Il recente convegno More Museum, Il futuro dei musei tra cambiamenti e nuovi scenari, è stata l’occasione per un atteso e necessario confronto fra i protagonisti dello scenario museale e culturale italiano. Dal ministro per i Beni e le Attività Culturali al direttore Generale dei Musei Italiani. Dagli assessori alla cultura di Milano, Torino e Firenze ai responsabili delle più prestigiose fondazioni ed istituzioni museali della penisola. Una passerella virtuale che al di là dei limiti imposti dalle tempistiche e la serratissima scaletta di interventi (oltre 40 relatori con qualche manciata di minuti a testa) ha evidenziato un panorama scientifico e culturale molto eterogeneo alimentato da una grande resilienza ed un occhio rivolto alle nuove tecnologie digitali. Gli interventi, complice il poco tempo a disposizione, si sono concentrati in quasi 8 ore di convegno on-line che ha ridotto purtroppo la possibilità di portare avanti con la giusta autocritica delle riflessioni sullo stato disastroso in cui versano i migliaia di musei presenti sul territorio italiano (oltre 4000 secondo alcune stime).
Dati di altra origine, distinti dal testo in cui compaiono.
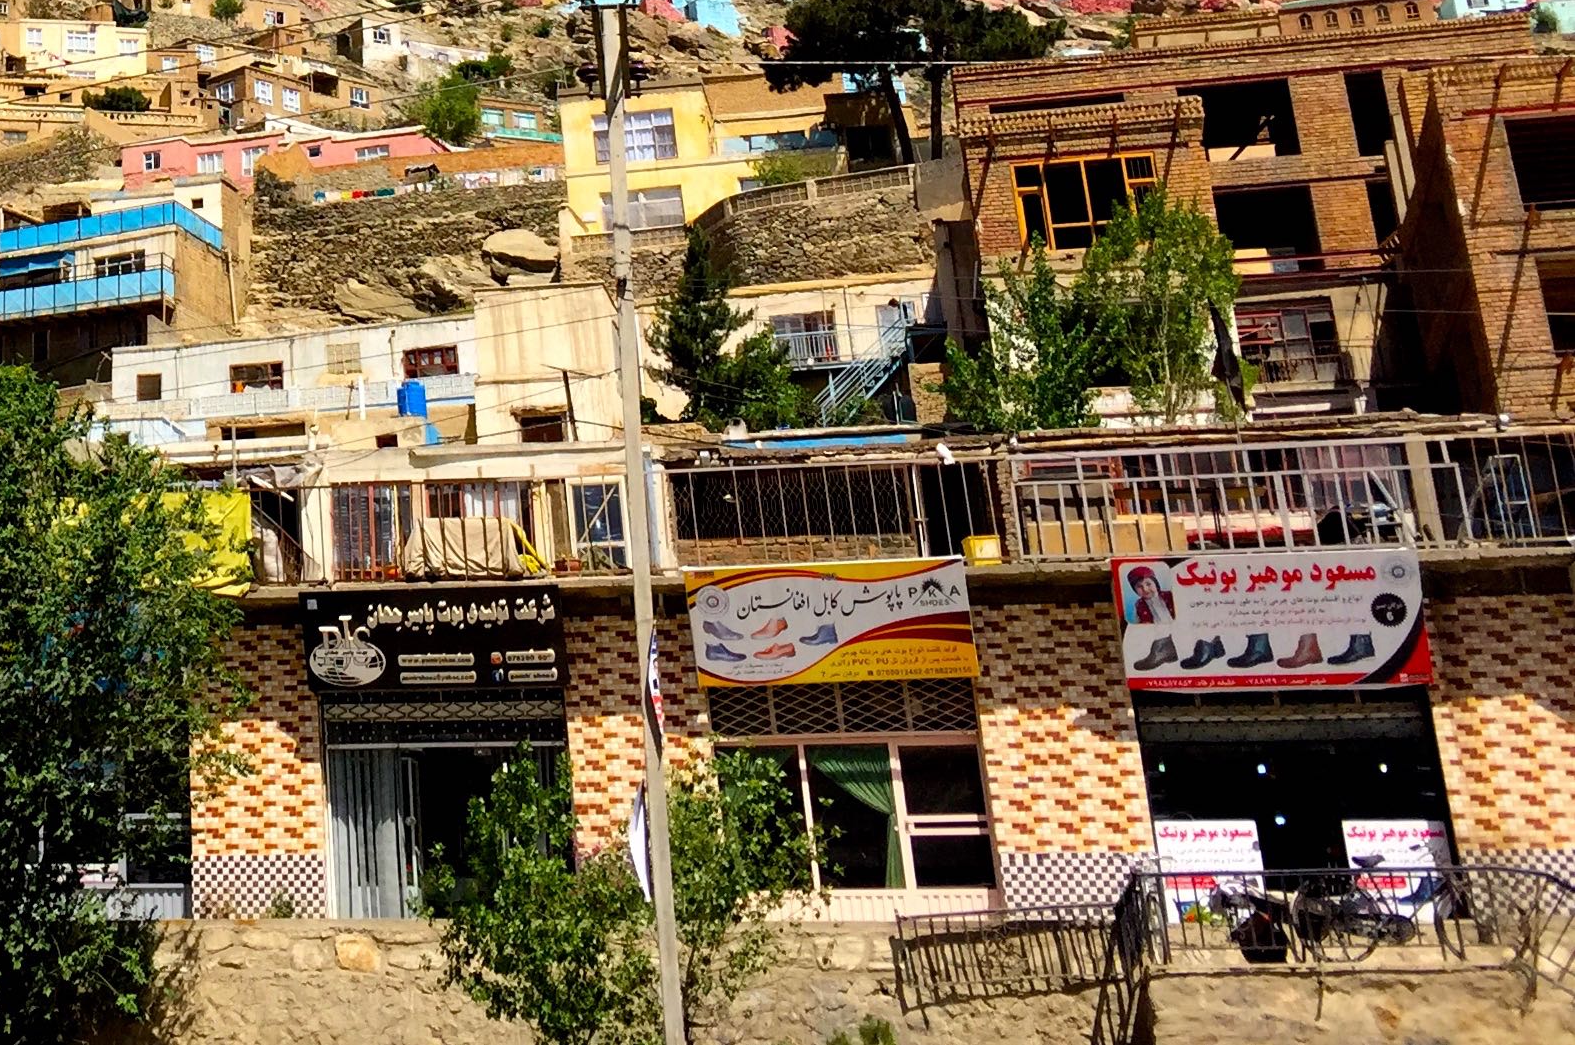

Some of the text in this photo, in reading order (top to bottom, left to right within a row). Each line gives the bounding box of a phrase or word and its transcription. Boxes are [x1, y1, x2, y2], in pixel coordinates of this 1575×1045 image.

La vera incognita che incombe sul futuro dei musei, e ostinatamente glissata da una parte dei relatori, è quella economica. Come fare a sostenere e a promuovere nuovamente i grandi poli museali che hanno fatto del turismo di massa il sostegno principale della propria sopravvivenza? E come uscire invece dallo stato perenne di assistenzialismo per i musei più piccoli? Siamo tutti d’accordo che i musei, al pari delle biblioteche o dei teatri, non debbano necessariamente avere un ritorno economico dalle proprie attività, ma come faranno queste migliaia di istituzioni ad impiegare quel diversificato capitale umano chiamato in causa proprio da alcuni relatori per rilanciarle? Come retribuire migliaia di lavoratori, al momento cassaintegrati, senza i proventi dei biglietti di turisti internazionali? Ecco alcune domande che al momento non sembrano avere una risposta.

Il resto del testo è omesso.